Hamlet and civil parish in Devon, England

Pancrasweek is a village and civil parish and hamlet in the far west of Devon, England forming part of the local government district of Torridge and lying about three miles north west of the town of Holsworthy.

It is bordered clockwise from the north by the Devon parishes of Bradworthy, Holsworthy Hamlets, a small part of Pyworthy, and Bridgerule.

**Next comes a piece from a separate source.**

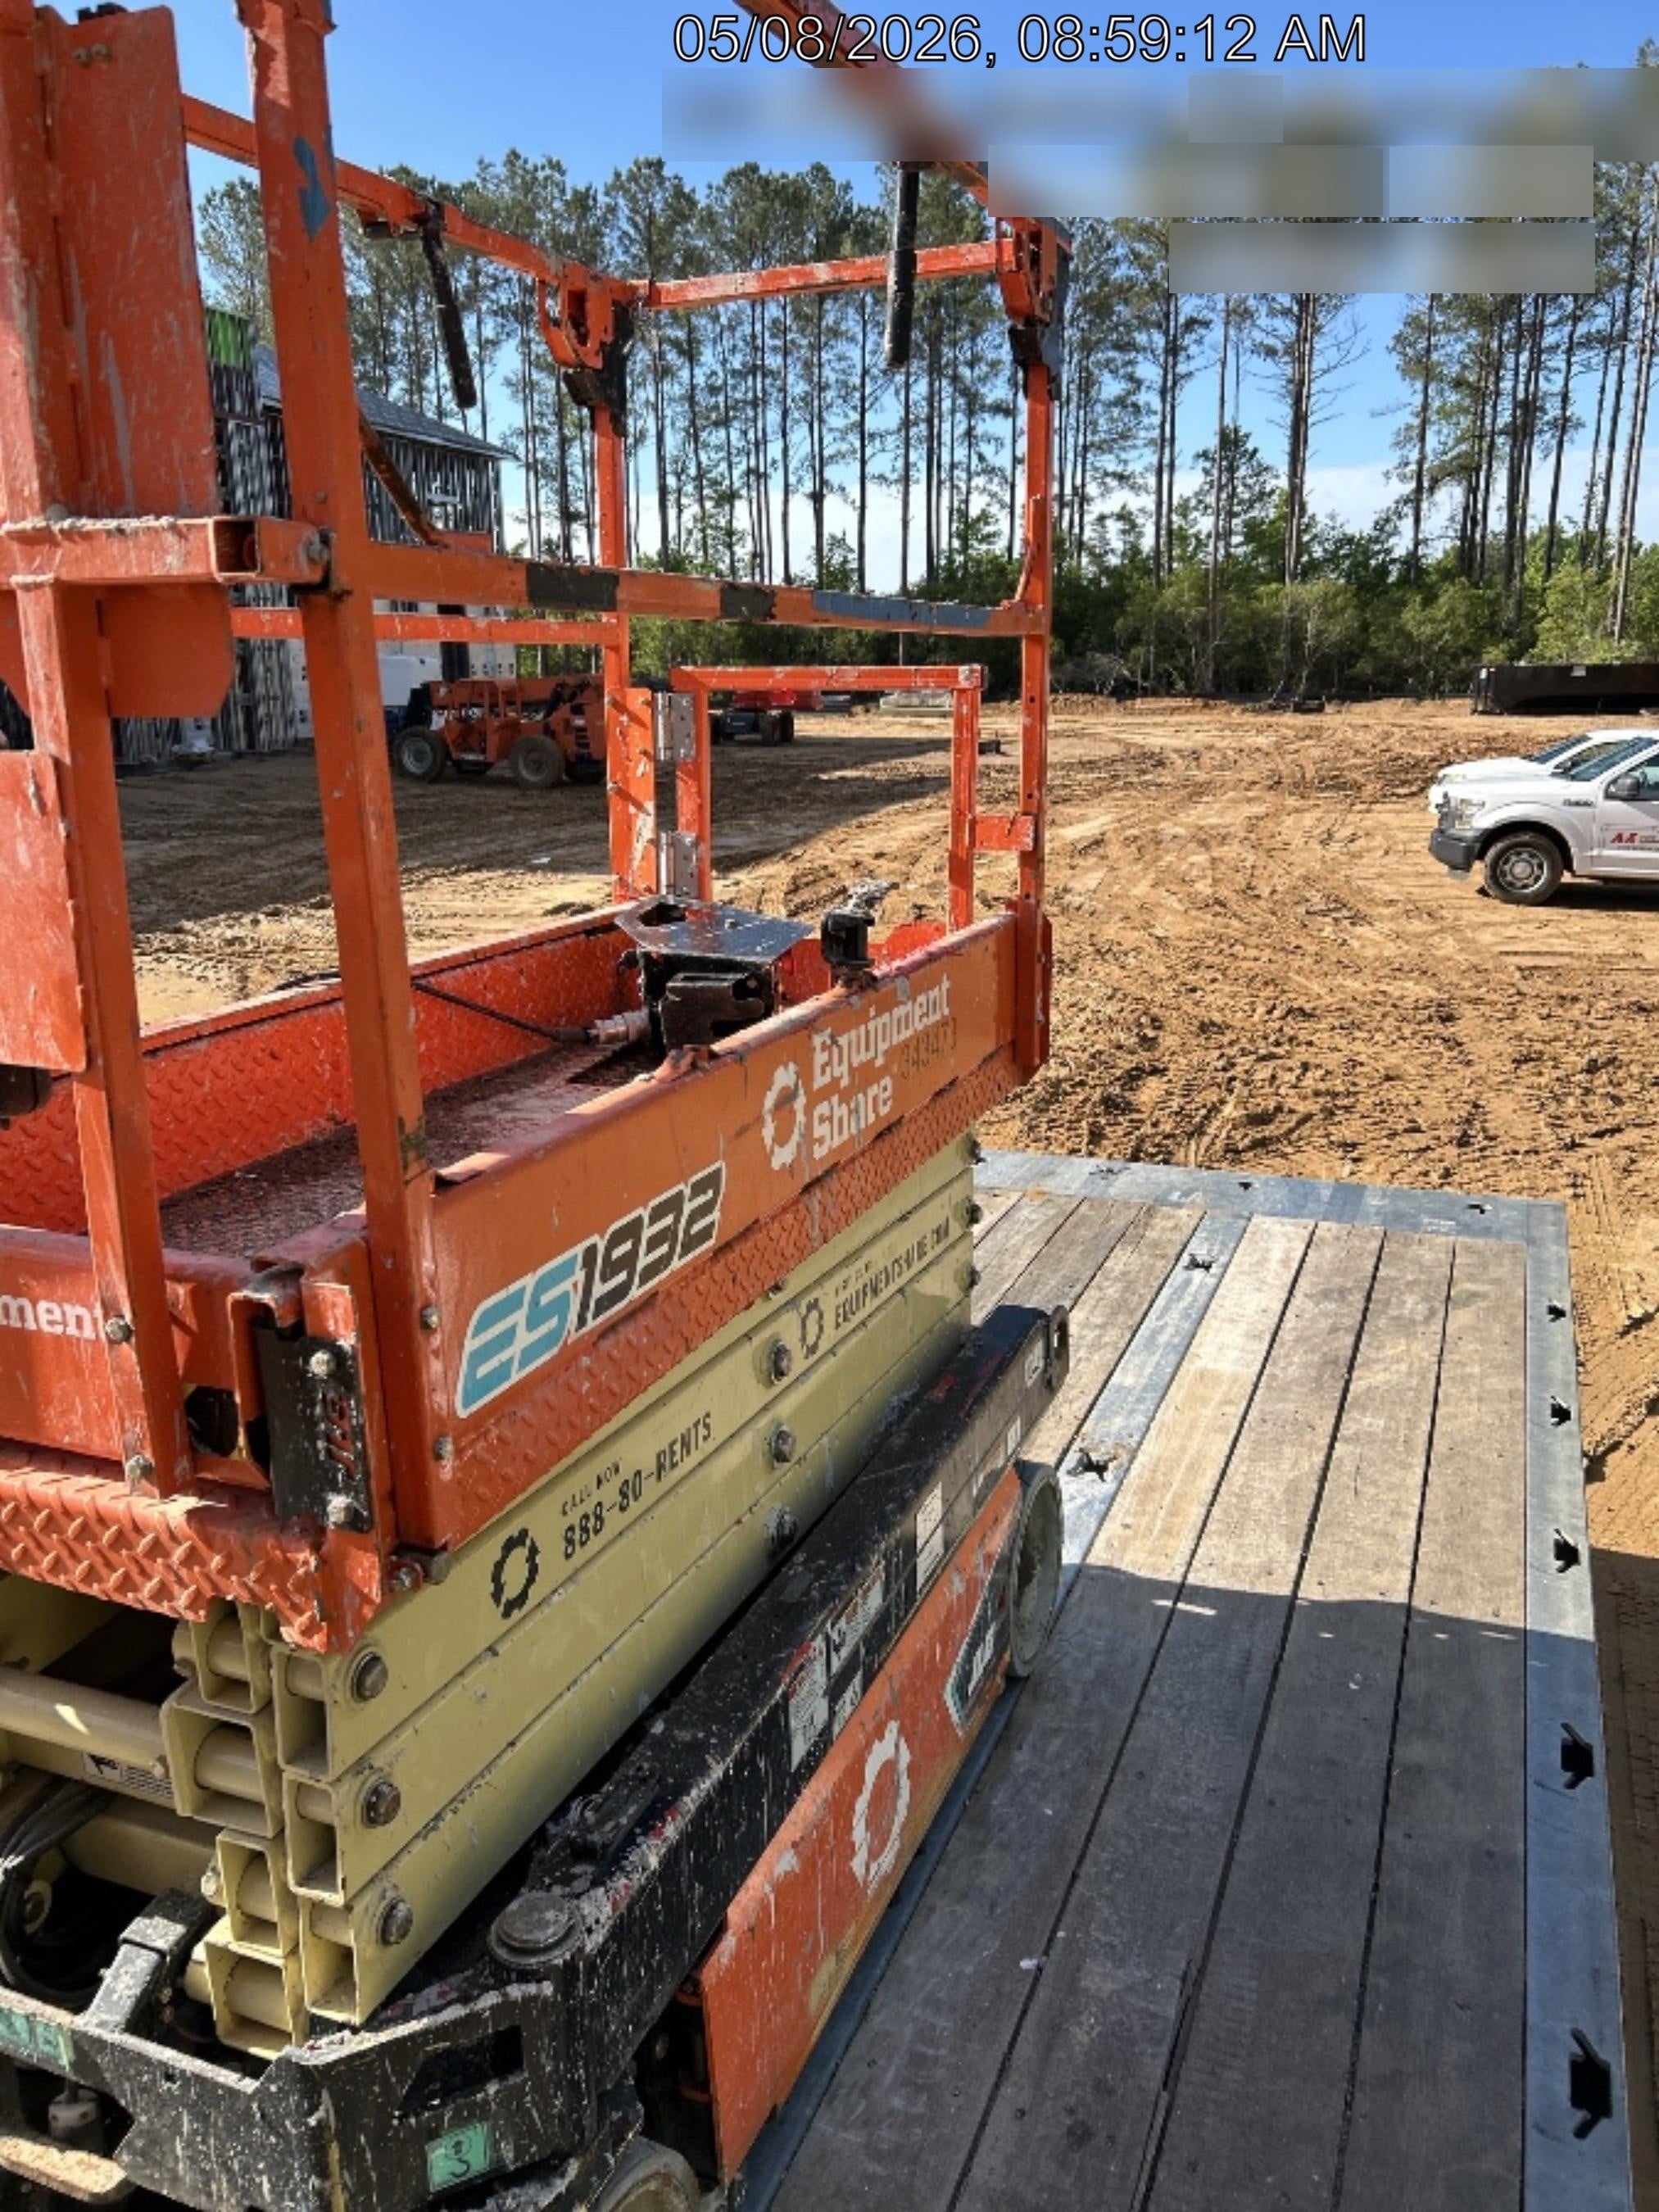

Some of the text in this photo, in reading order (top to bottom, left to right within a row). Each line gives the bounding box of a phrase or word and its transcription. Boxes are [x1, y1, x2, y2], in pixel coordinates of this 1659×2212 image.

The parish consists of small scattered settlements with a population of 217 in 2001, down from 277 in 1901. It is bounded to the west by the River Tamar (in its upper course) which for much of its length delineates Cornwall's border with Devon; a small part of the parish of Pancrasweek (including the farms/hamlets of Hudson and Dexbeer) however extends across the river onto the west side.

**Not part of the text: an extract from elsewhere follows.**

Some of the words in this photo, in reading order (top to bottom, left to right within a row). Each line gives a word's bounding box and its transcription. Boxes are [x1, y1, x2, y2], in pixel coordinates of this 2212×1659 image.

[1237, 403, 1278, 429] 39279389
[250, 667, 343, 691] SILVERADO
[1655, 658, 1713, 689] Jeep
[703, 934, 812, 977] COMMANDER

The parish church, dedicated to Saint Pancras, stands alone on a hill in the south of the parish. Hoskins' Devon dates it to the 15th century with traces of Norman work in the walls of the nave, and says that its tower has fine crocketted pinnacles of the West Devon type. Pevsner states that the church was restored between 1894 and 1910 and that it has richly carved wagon roofs. At the hamlet of Lana about a mile north of the church is a Wesleyan chapel built in 1838, said by Pevsner to be the most attractive in Devon.

Part of the Lower Tamar Lake lies within the parish. This artificial lake was constructed in the 1820s to supply water to the Bude Canal, but it is now a haven for wildlife and is popular for coarse fishing.